Reality Check #3: Employers are looking for new indicators (Think like a business owner)

The final piece in the puzzle? There are now more employers than not who are digitally savvy. This was debatable as recently as 5 years ago. Internet background checks are almost a given, and superior digital literacy is finally valued at a premium.

It’s against this backdrop that employers remain desperate to hire or promote people who can quickly add value. Put yourself in their shoes: the majority of hiring happens because people are overworked and/or need help ASAP. They don’t have time or energy to babysit, and they also can’t afford to wait long for you to ramp up. They will always err on the side of the person who they think can help them immediately.

What does that mean? They’re looking for somebody who:

  • Shows they have actual industry knowledge, not textbook knowledge. They know what’s current and applied.
  • They’re a self-starter.
  • They’ll deliver quality with their output – things that don’t need significant re-work/polish to be usable.
  • They can be trusted with clients.

Higher Education, while valuable as a foundation, does an especially poor job of checking these boxes. Narrow or unrelated experience is no help either. Employers are increasingly casting a wider net for helpful indicators. How can they find people who seem like they can check the above boxes? Hint: you’ll find them online.

Which brings me to the following 4-step recipe.

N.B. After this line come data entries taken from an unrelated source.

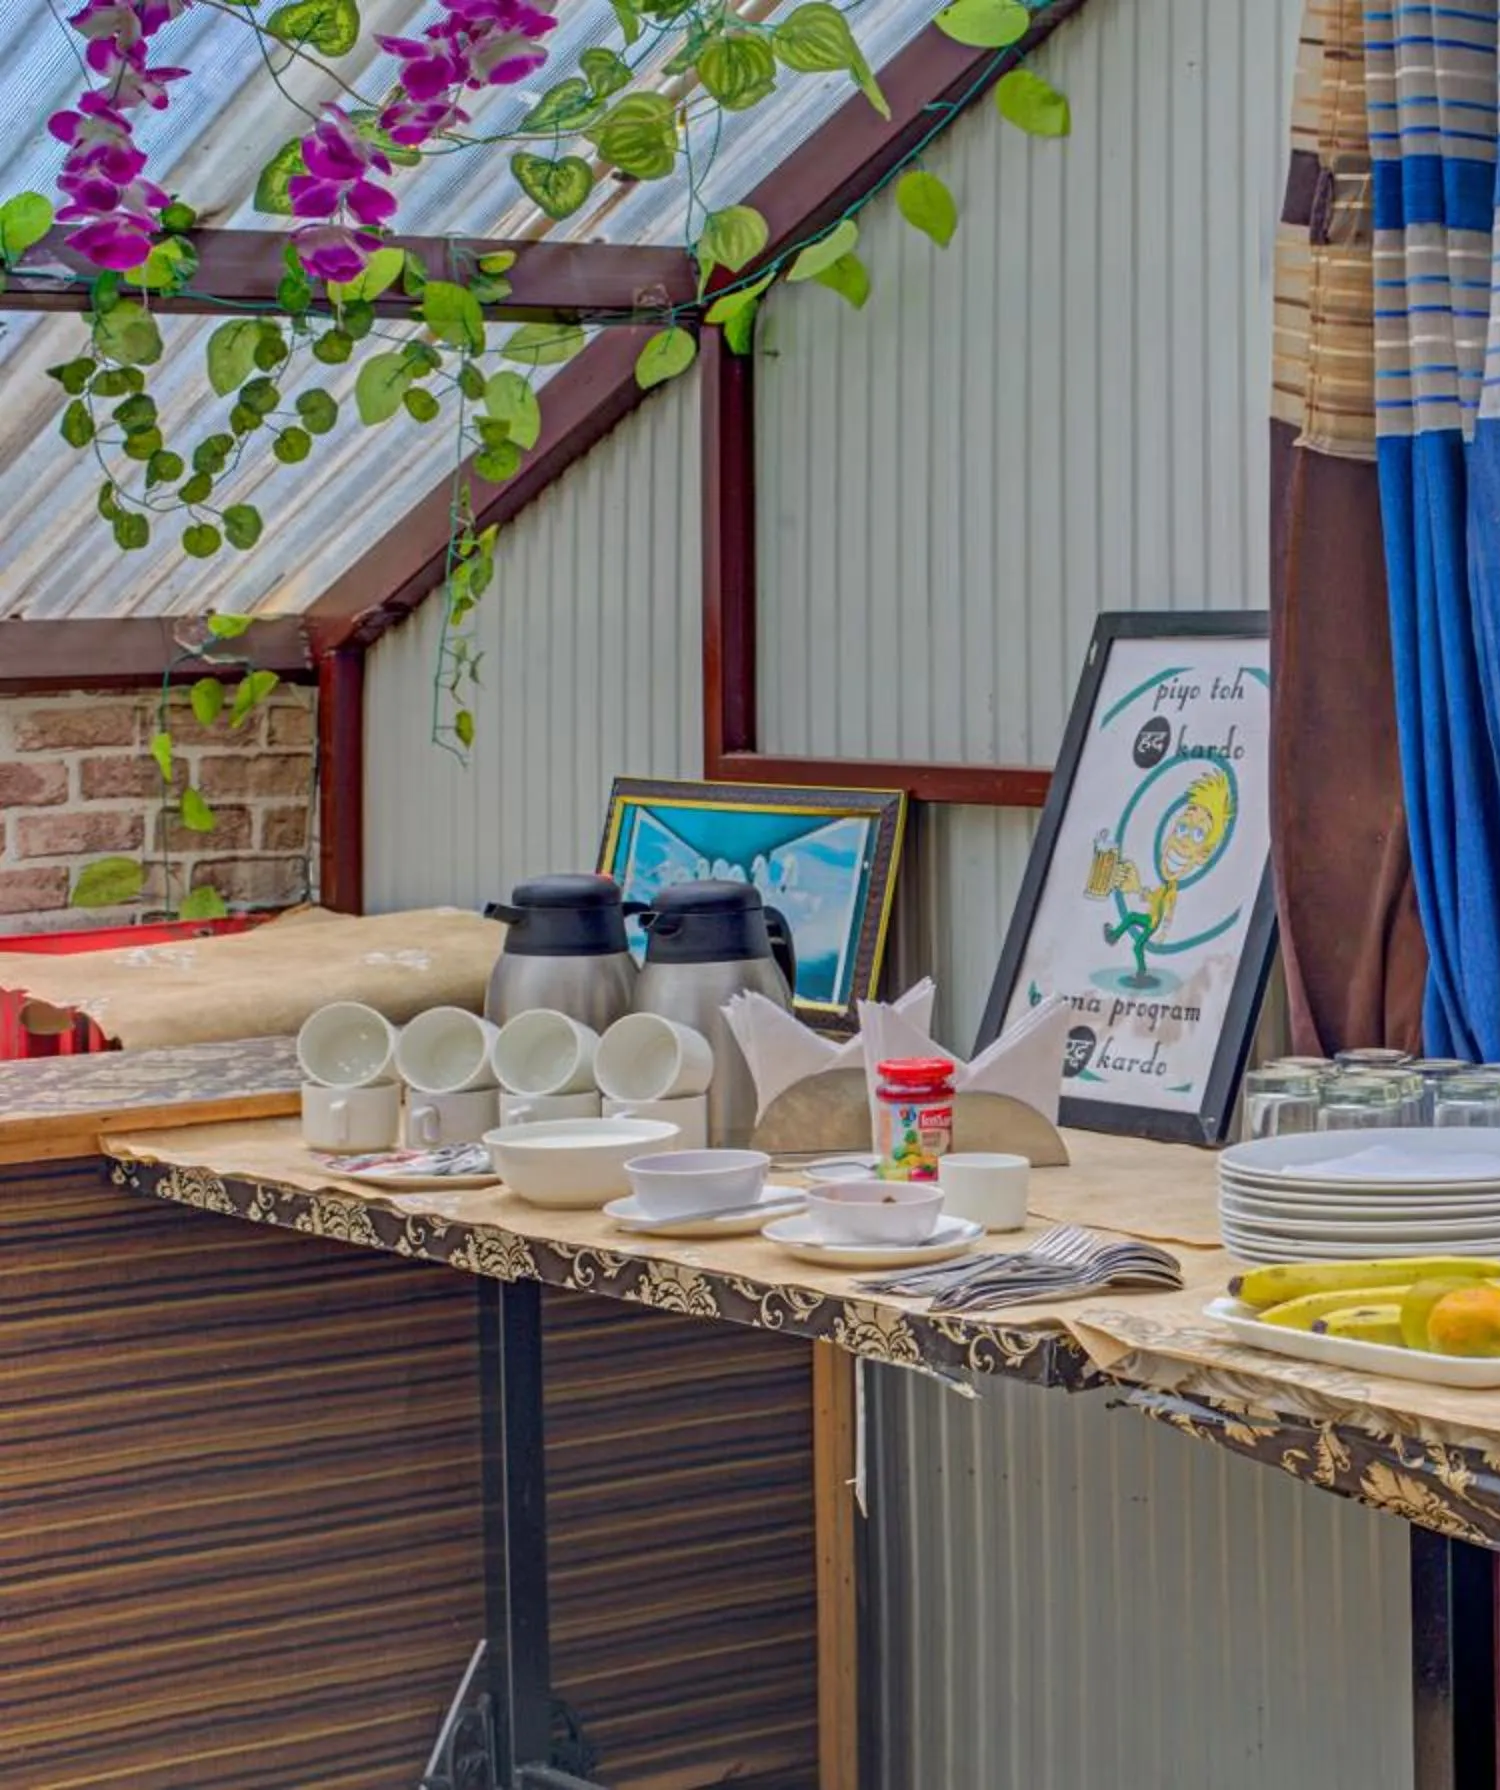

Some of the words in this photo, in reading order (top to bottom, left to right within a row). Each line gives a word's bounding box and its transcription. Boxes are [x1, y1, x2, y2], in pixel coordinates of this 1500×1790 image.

[1152, 676, 1201, 712] piyo
[1210, 667, 1244, 700] toh
[1175, 724, 1246, 760] kardo
[1107, 997, 1201, 1032] program
[1096, 1035, 1168, 1076] kardo

It’s a proven way to build alternate forms of credibility and trust, using your relationship with information online. Consider this your opportunity for an unfair advantage over any other traditional candidate. It’s your foot in the door for a fighting chance.

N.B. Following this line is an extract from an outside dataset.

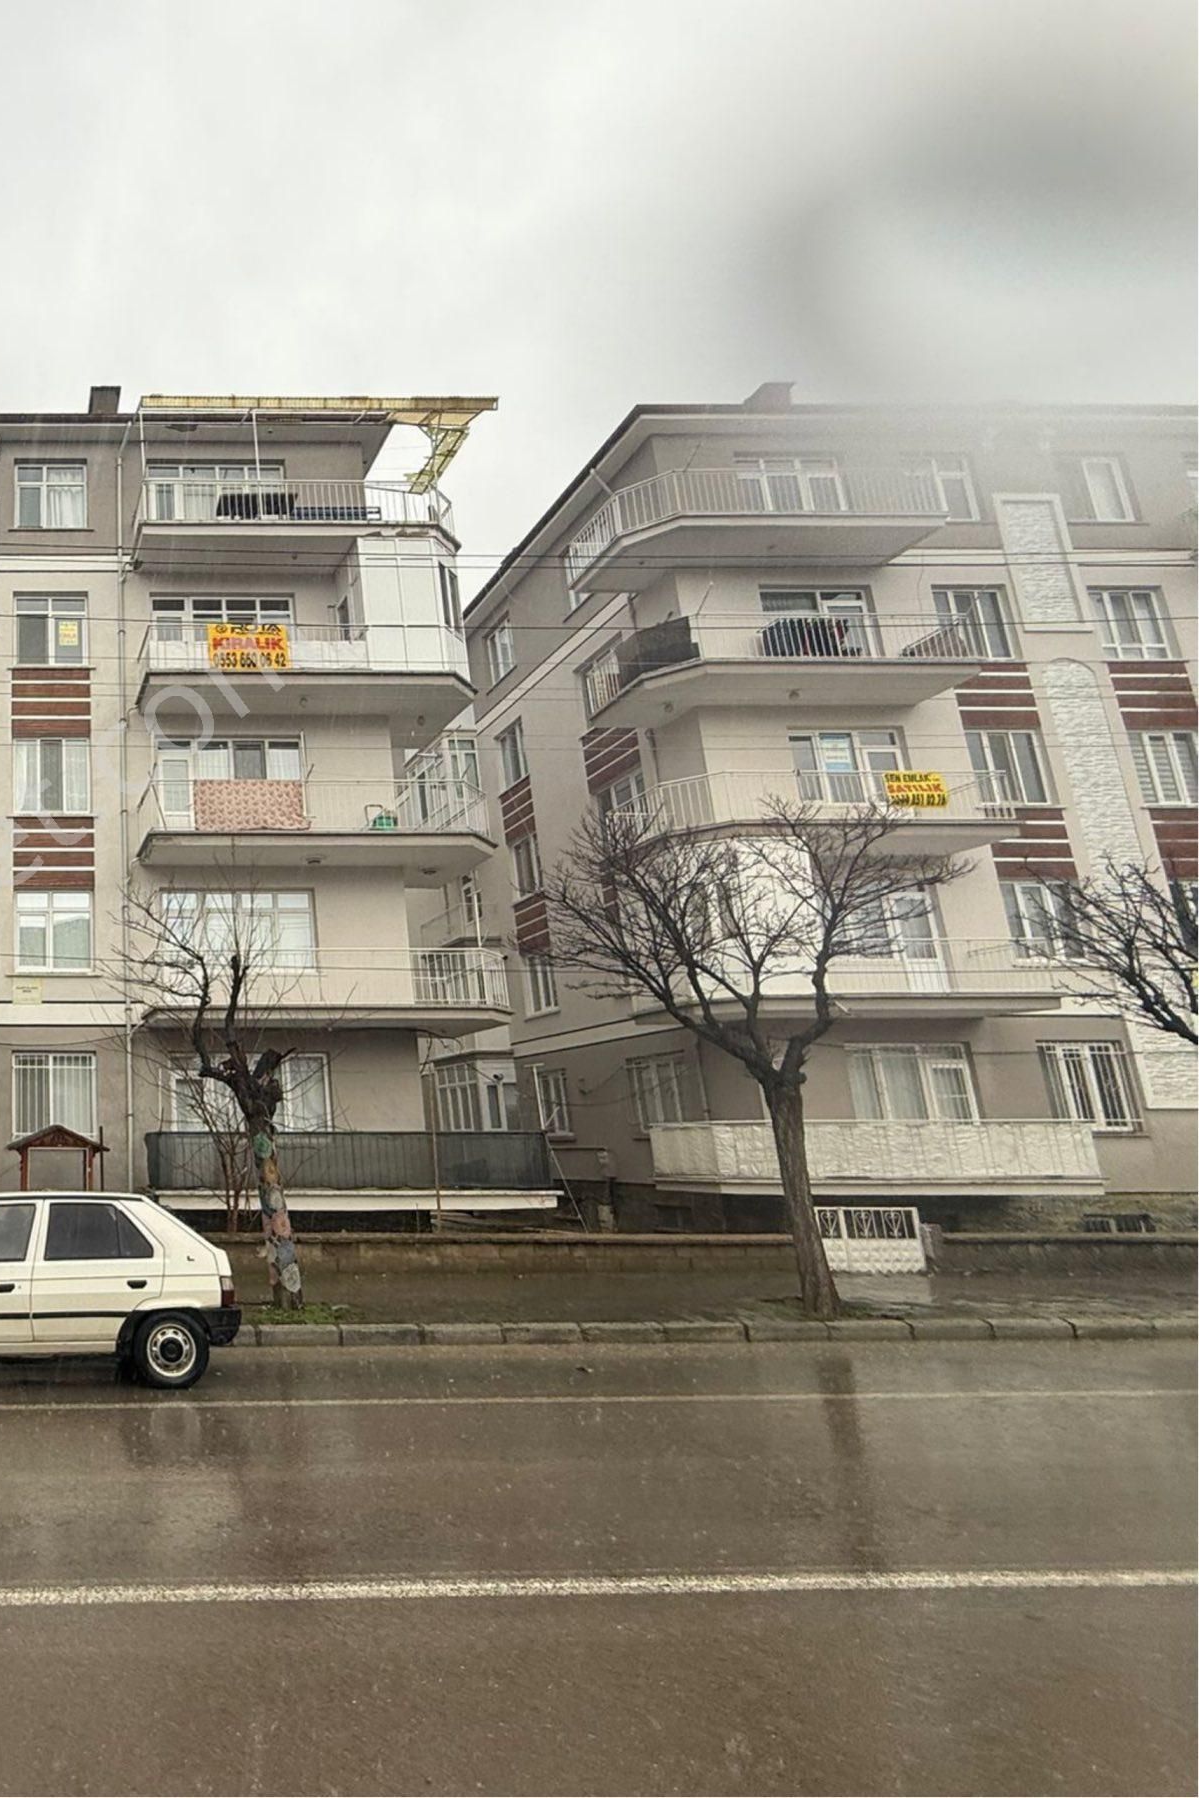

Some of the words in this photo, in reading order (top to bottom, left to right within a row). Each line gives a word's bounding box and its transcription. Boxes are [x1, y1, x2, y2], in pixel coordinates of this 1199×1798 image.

[212, 637, 285, 650] KIRALIK
[274, 652, 287, 667] 42
[887, 784, 943, 793] SATILIK

Step 1: Build a leader’s information routine.

This is the foundation you will build from. Set up a system that ensures you have the most well-rounded new information and analysis, the moment it’s available. You’ll need this for the remaining 3 steps.

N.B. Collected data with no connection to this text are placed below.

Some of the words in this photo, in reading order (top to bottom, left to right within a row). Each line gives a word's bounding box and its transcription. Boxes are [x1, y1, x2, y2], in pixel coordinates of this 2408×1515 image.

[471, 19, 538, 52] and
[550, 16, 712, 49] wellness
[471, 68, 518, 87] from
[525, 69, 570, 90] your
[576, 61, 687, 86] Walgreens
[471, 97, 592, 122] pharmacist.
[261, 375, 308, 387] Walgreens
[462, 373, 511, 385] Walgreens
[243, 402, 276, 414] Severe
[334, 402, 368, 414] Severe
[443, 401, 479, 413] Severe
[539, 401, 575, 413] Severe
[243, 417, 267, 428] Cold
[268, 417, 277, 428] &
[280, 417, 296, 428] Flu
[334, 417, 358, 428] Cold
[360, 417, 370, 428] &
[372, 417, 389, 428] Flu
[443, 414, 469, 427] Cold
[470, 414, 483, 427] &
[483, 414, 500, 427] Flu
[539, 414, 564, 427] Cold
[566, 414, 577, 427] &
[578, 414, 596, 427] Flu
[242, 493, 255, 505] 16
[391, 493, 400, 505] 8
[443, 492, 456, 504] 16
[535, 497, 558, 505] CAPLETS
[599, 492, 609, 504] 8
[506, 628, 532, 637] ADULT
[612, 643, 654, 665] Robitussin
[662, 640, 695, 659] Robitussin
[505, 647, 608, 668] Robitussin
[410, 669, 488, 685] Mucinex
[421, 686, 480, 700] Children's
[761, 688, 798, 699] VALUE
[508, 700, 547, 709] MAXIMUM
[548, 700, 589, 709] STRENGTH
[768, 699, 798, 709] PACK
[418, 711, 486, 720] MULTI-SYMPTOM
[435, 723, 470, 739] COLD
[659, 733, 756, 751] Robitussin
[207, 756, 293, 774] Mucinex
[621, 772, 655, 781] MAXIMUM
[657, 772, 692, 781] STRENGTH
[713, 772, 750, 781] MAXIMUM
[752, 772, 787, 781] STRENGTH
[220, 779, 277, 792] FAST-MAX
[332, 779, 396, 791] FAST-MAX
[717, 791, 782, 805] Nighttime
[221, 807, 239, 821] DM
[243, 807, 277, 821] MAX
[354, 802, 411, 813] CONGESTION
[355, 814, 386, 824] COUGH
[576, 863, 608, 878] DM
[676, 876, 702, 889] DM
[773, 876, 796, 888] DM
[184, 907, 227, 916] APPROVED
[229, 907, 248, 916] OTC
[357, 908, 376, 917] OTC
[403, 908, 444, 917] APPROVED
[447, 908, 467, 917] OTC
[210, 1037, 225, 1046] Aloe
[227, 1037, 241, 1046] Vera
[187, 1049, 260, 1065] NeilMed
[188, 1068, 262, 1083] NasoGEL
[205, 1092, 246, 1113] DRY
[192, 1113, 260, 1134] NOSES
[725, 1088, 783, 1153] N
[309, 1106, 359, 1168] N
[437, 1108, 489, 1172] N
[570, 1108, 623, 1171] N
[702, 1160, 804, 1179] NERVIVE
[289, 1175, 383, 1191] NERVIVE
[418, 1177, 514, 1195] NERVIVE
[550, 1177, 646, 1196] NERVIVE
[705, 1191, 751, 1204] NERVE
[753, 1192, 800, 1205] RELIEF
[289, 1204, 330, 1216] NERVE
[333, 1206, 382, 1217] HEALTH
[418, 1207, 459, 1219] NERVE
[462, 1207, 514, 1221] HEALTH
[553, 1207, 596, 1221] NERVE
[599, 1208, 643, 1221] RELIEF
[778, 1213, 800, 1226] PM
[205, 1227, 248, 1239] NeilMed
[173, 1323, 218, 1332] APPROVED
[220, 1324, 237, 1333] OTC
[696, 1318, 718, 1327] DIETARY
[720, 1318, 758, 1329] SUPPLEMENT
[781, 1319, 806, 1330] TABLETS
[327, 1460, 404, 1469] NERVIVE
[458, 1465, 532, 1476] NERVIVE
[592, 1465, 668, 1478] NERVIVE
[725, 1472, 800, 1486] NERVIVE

In the past this would require an expensive premium subscription or bespoke service. The explosion of email newsletters, online journals, and information platforms has instead made it a matter of creating the right information routine for yourself, often on a shoestring budget.

The right subscriptions
Just like a university is a verified curator, so too are certain publishers and associations, all of which are online. A subscription to the Harvard Business Review is as much a quality learning source as it is a signal when sharing their content. It is another proxy, where the content is visible. Likewise for content from the right association. For example, if you’d like to move into a project management role, becoming a PMI member and subscribing to their content updates should be your first move.

Newsletters
Being able to add value is as much about foundational knowledge and experience as it is about having your finger on the pulse of the world right now. The right newsletter mix helps you do this. Some focused suggestions:

  • Stay on top of the big news stories (including politics) with Next Draft by Dave Pell.
  • See what’s next, think bigger, think differently with the Futurism, Aeon, and Big Think Daily or Weekly newsletters.
  • Spot trending subjects and products as they emerge with the Exploding Topics newsletter and TrendWatching’s monthly Make Shift newsletter.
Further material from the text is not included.